К.Т.: Ну, не то чтобы
недоступен, а он просто грабительский: бери - не хочу, что называется, нет?
Я.М.: Он на самом
деле не доступен.
К.Т.: Даже под эти
проценты взять?
Я.М.: Потому что
даже в Москве, где очень высока концентрация денег, где-то в районе 80%
денежных ресурсов, это очень легко вычисляется. Это остатки средств московских
банков и банков московского региона в Центральном банке – это в районе 80%. В
2000 году это было 50%.
К.Т.: То есть, раньше
по стране деньги размазаны были более равномерно, чем сейчас?
Я.М.: Да, и
Москва в полной мере эту функцию - когда ты деньги собираешь, потом
размазываешь по стране - она не выполняет.
К.Т.: С точки зрения
собирания выполняет, а вот с размазыванием не очень?
Я.М.: Да, потому
что внутри регионов очень большой физический дефицит кредита, то есть речь не
только о процентах. Конечно же, проблемы инфляции, прежде всего немонетарной
инфляции. До падения курса рубля мы говорили о том, что почти 100% инфляции
немонетарной вызывается государством, когда государство повышает те цены,
тарифы, которые оно регулирует.
Мы создали государство слонов, между которыми
очень тяжело протиснуться среднему и малому
бизнесу
Сейчас мы говорим, что где-то 50% - инфляция
немонетарная, а 50% - это падение курса рубля. И, тем не менее, вот эта часть
немонетарная осталась. Мы
создали государство слонов, мы создали государство огромных существ, которые,
бывает, еле двигаются, и между которыми очень тяжело протиснуться тем самым
точкам роста - среднему бизнесу, малому бизнесу. Когда журнал
"Эксперт" занимался интересным проектом "газели". "Газели"

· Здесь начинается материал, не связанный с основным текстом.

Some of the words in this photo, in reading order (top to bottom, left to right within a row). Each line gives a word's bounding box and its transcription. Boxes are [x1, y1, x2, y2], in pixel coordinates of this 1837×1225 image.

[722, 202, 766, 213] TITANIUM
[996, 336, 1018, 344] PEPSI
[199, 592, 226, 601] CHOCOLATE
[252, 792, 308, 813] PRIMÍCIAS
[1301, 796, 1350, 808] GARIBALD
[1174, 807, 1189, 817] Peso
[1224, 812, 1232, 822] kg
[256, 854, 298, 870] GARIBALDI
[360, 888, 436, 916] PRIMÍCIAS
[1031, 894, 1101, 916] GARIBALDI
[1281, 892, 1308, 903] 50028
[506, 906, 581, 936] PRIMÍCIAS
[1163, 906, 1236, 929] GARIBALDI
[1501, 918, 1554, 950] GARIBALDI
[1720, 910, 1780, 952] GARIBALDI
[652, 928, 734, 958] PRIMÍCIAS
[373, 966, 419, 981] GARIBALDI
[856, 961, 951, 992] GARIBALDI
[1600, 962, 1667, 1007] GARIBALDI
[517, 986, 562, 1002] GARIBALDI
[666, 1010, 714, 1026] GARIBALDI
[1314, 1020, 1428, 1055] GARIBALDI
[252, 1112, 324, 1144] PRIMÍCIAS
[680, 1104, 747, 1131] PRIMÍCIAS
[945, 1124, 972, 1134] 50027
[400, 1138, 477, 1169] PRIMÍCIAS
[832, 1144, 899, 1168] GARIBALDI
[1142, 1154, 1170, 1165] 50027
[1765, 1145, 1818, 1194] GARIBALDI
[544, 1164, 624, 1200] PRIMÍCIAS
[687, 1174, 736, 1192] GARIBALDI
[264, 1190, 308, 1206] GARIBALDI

– это средние и малые компании, которые растут со скоростью 10-15% в год.
К.Т.: Газели в смысле
не автомобиль, а в смысле по сравнению со слоном.
Я.М.: Да, в
смысле компаний, которые бегут, которые очень динамичны, и т.д., и т.п. До
кризиса их было довольно много.
К.Т.: Извините,
давайте просто уточним, мы началом кризиса считаем что? Потому что, например,
Медведев сегодня сказал, что мир еще не оправился после кризиса 2008 года.

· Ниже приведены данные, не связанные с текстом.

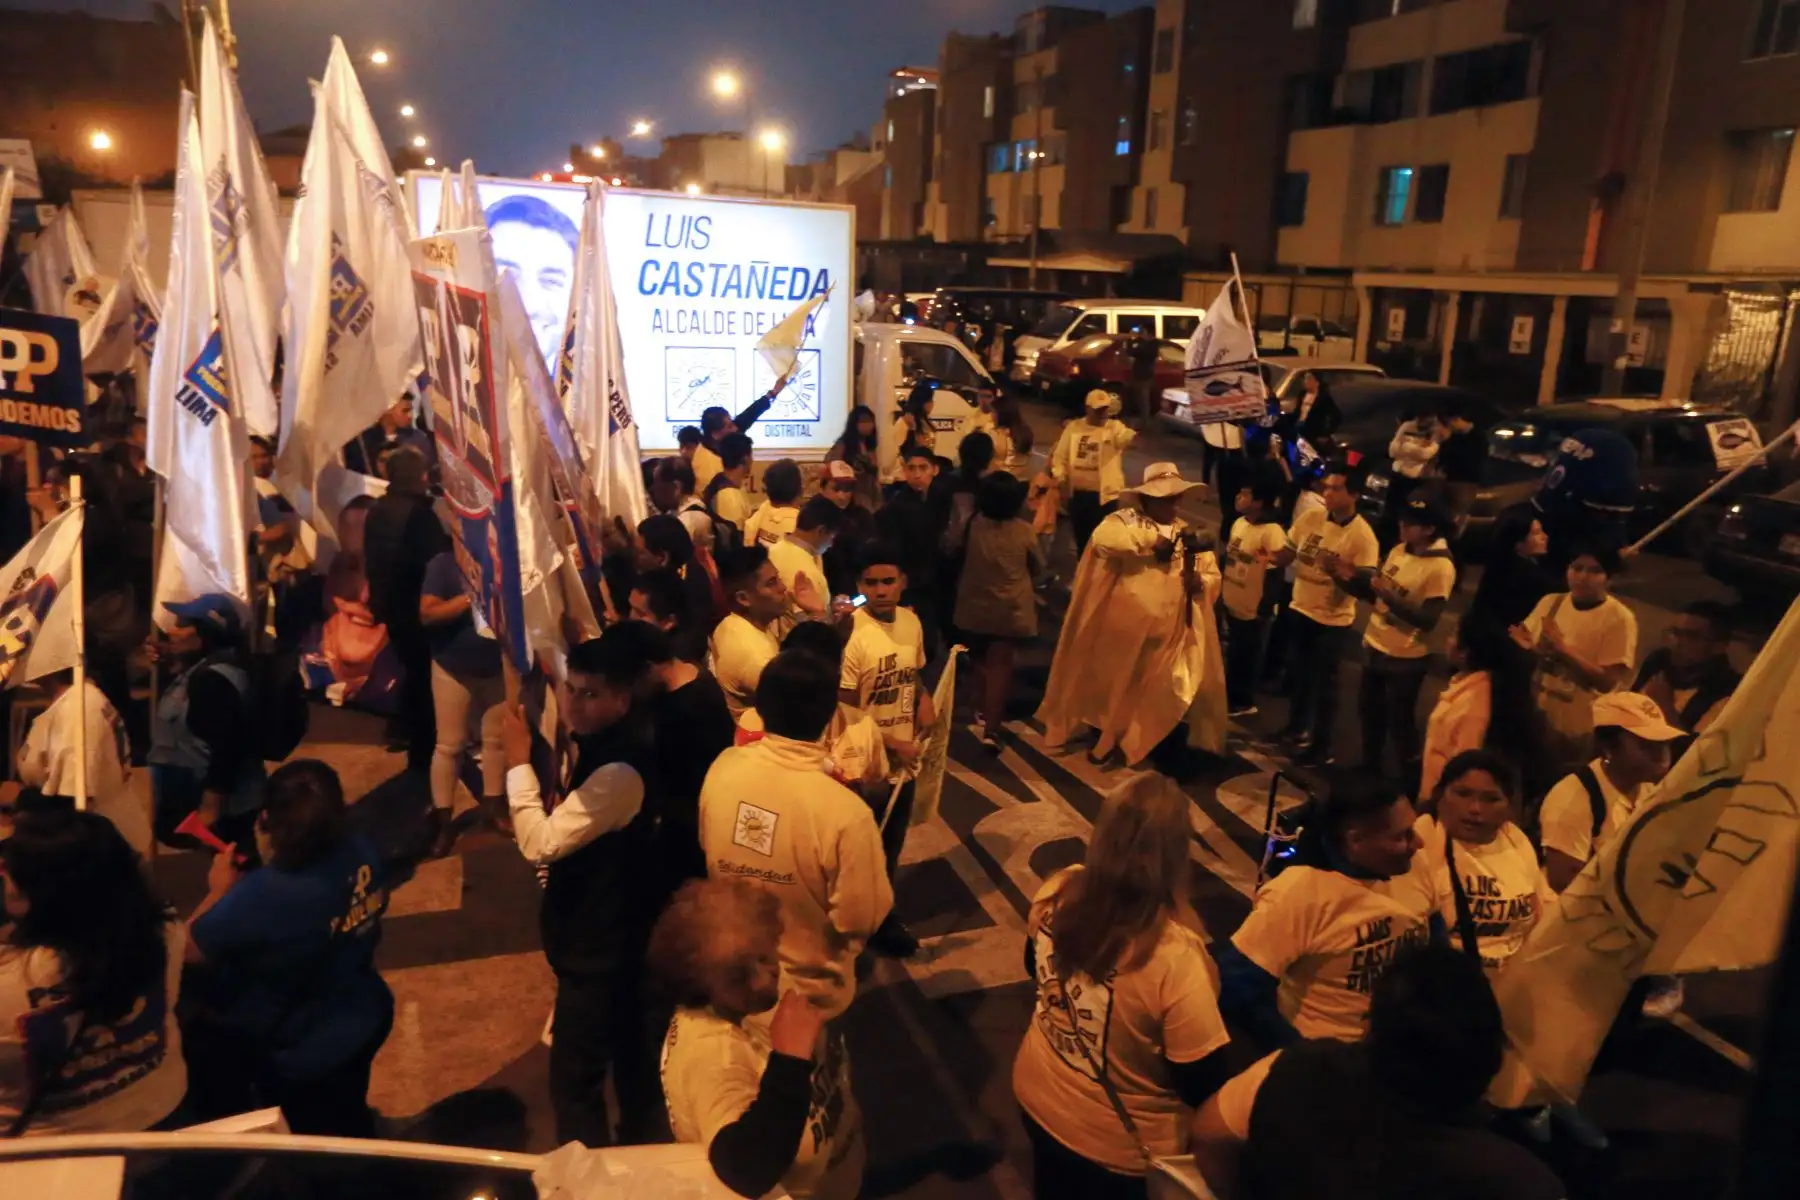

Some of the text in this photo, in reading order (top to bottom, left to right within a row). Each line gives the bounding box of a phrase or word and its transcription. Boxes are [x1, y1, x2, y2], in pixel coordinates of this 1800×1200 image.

[645, 212, 712, 250] LUIS
[638, 259, 830, 302] CASTAÑEDA
[652, 308, 816, 338] ALCALDE DE LA
[0, 399, 82, 433] DEMOS
[174, 384, 218, 427] LIMA
[764, 424, 812, 438] DISTRITAL
[878, 652, 898, 674] LUIS
[1465, 875, 1501, 897] LUIS

Когда начался кризис, о котором мы сейчас говорим?
Я.М.: Есть точка
2008 год, и первые неприятности - это конец 2007 года. Потом, дальше, как
говорят финансисты, - неустойчивый период, когда растут, как американская
экономика, европейская экономика, - ей более тяжело, она заторможена. Мы с этим
были очень связаны, мы примерно дышали так же, как дышала европейская
экономика, потому что мы от нее очень зависим. 50% внешнего товарооборота
России приходится на Европейский Союз. А вот дальше, с началом этого года,
дорожки начали расходиться: в Европе идет очень тяжелое осторожное
возобновление роста, а в России экономика потихоньку начинает спадать. Это
организм, у которого появились первые признаки довольно серьезной болезни с начала
этого года.
У нас есть год-полтора, чтобы остановить зарождающуюся болезнь
Это такое предкризисное или предболезненное состояние, а может уже
и болезненное, которое может развиваться и дальше в очень неприятные вещи, если
его не остановить. Вот как раз
у нас есть год-полтора, чтобы эту зарождающуюся неприятность, - не хочется
говорить, но болезнь, - чтобы ее остановить. Поэтому мы вот в этом году
очень неудачном действительно постепенно заворачиваем после заторможенности
2013 года на дорожку неприятную, ведущую вниз. Надо с этим что-то делать.
К.Т.: Один из
симптомов той болезни, о которой мы говорим - это как температура - это курс
национальной валюты. Смотрите, президент в послании говорил много о спекулянтах
и мерах против спекулянтов - их, правда, не последовало. Сегодня премьер-министр
сказал, что курс зависит и от спекулянтов тоже, но очень много факторов. Понятно,
что и нефть, и санкции, много всего, но при этом премьер сегодня сказал, что
рубль реально, с его точки зрения, недооценен. По вашему мнению, какой курс
сегодня был бы справедливым, и что с этим курсом будет дальше происходить?
Я.М.: До 2014
года рубль был переоценен, мы его искусственно держали и все девальвации в
России происходили таким взрывным способом - 1998 год, 2008 год. Это была большая
экономическая неприятность. Экономисты ее называют "гигантские ножницы",
их не было ни у одной страны в мире между реальным и номинальным курсом рубля.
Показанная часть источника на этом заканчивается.